Attualm ho visto che ci sono ancora gli articoli della rivista del mese di aprile: http://www.aamterranuova.it/article3250.htm
cmq si possono acquistare dal sito i vari numeri singoli (o abbonarsi), oppure la rivista si trova anche in alcuni negozi specializzati (io l'ho vista da naturasí), oppure ancora si puó chiedere una copia omaggio, magari si puó fare richiesta di avere un numero in particolare: http://www.aamterranuova.it/free_copy.asp

Ho letto l'articolo, non dice un granché.
Prima fa un brevissimo excursus storico parlando di quelli che vengono definiti pionieri del crudo e cita Maximilian Bircher - Benner, Max Gerson e Weston Price.
Poi dice che l'idea del crudismo puó spaventare xché sono fortissimi i condizionamenti culturali relativi la necessitá di cuocere.
dice che non é obbligatorio diventare crudisti al 100% e che secondo il Dott. Cocca ( che immagino conoscerete bene) per avere i benefici basterebbe arrivare al 70%
Cocca raccomanda un avvicinamento graduale al crudismo, ancora + progressivo per i vegani.
Raccomanda di mangiare la frutta lontano dai pasti

Poi c'é la solita dott.ssa specialista in scienze dell'alimentazione che dice che nel crudismo ci sono molti aspetti positivi e qualche limite: dice che il crudismo vegano non riesce a soddisfare il bisogno di proteine e lei consiglia un'integrazione di pesce crudo (non arrabbiatevi eh! :wink:

Ci sono due righe sul Dott.

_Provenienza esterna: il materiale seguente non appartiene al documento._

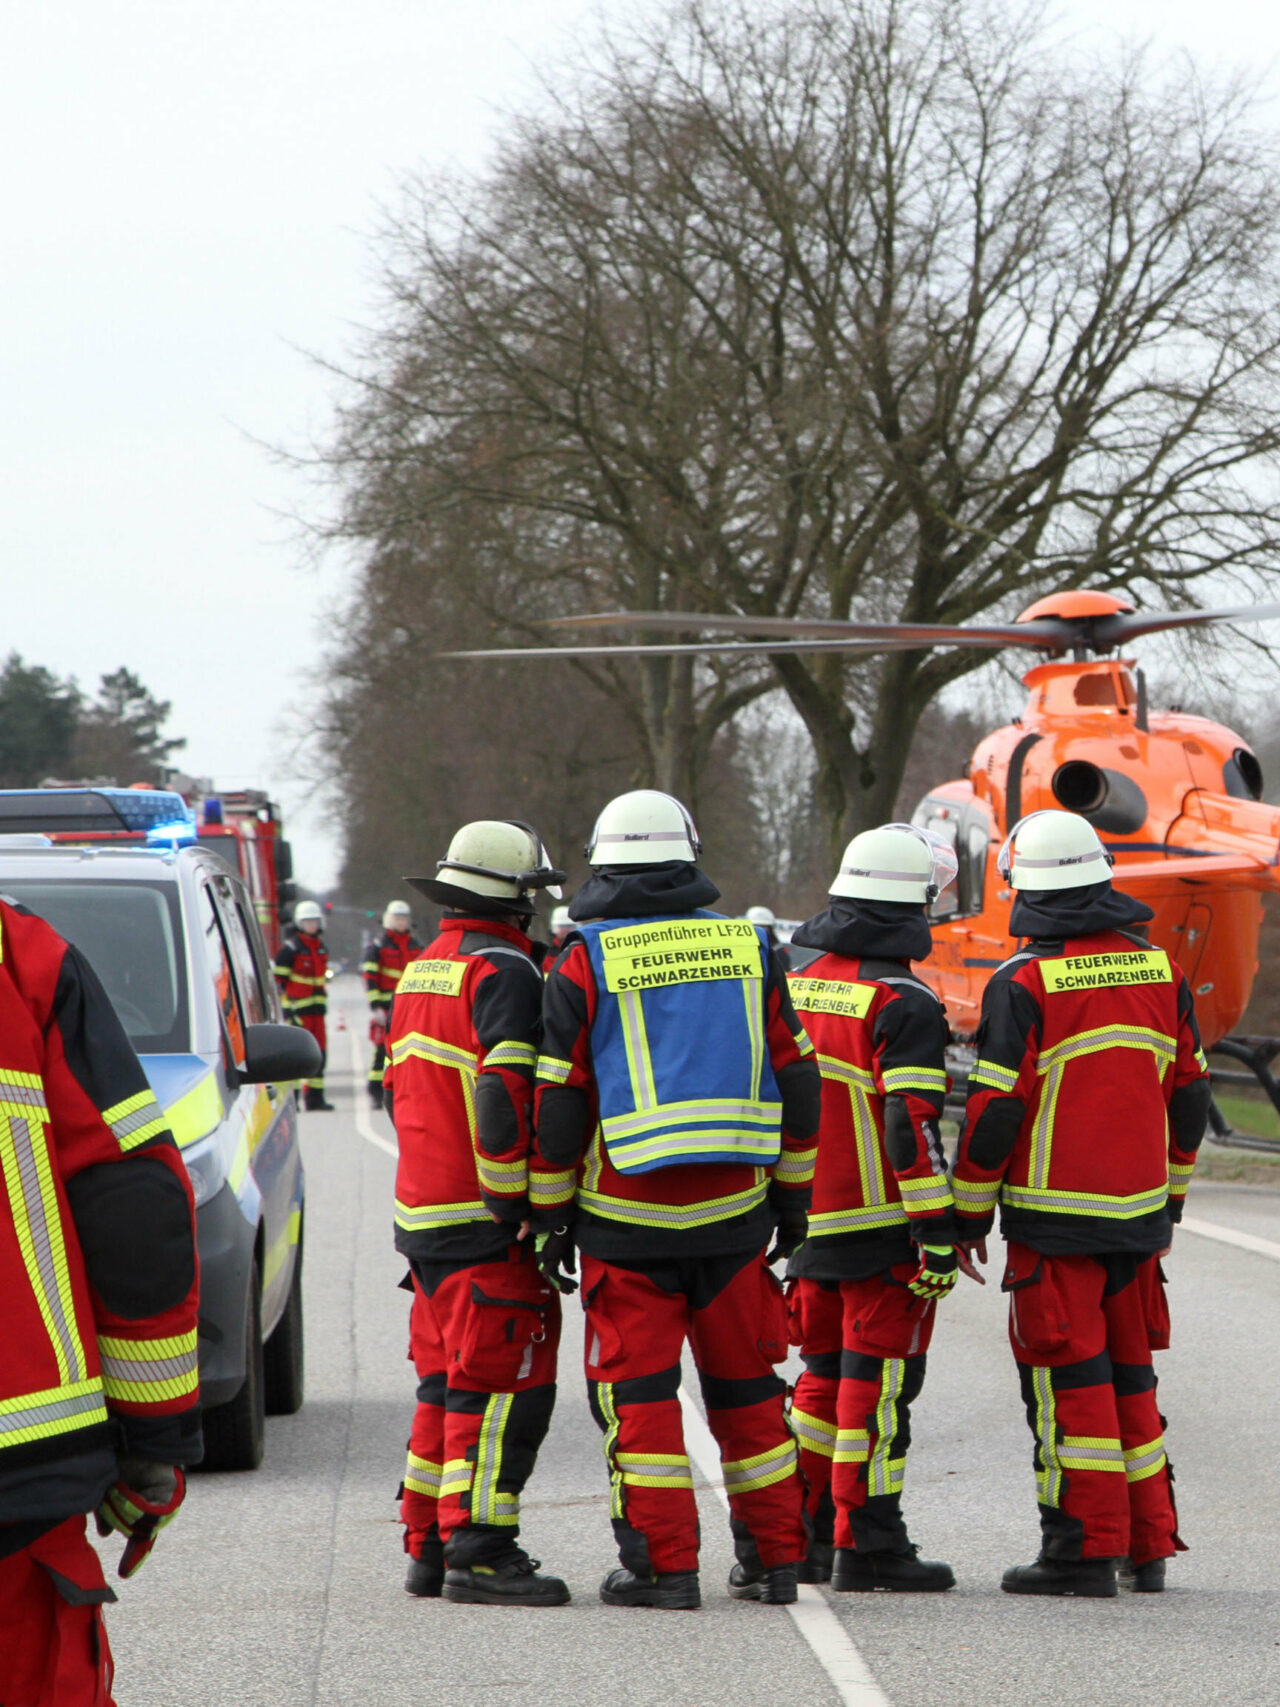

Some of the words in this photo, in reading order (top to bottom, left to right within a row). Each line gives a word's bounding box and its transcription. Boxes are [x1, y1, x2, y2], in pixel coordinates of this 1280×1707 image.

Proietti (che si occupa di nutrizione non convenzionale nell'infanzia) secondo cui il crudismo vegano é fattibile, con l'apporto di semi oleosi (per i grassi), cereali e legumi germogliati. Peró, sempre secondo il Dott. Proietti, non si puó prescindere da un'integrazione della b12. Tuttava Proietti sconsiglia di protrarre a lungo una dieta strettam vegana (qui non capisco se intende dieta crudista vegana o vegana in generale). :?:

Poi parla della crema Budwig e la specialista di alimentazione di cui sopra dice che anche chi soffre di colite puó avvantaggiarsi del crudismo, a patto che prima sfiammi l'intestino: quindi un paio di settimane con centrifugati freschi che hanno un basso contento di fbre..

Nulla in + di particolarm rilevante...

ciaooo!
Non capisco Proietti e non capisco perchè secondo cocca chi parte dal veganesimo debba passare al crudismo ancora più gradualmente: mi risultava il contrario, come dice Sara nel suo libro!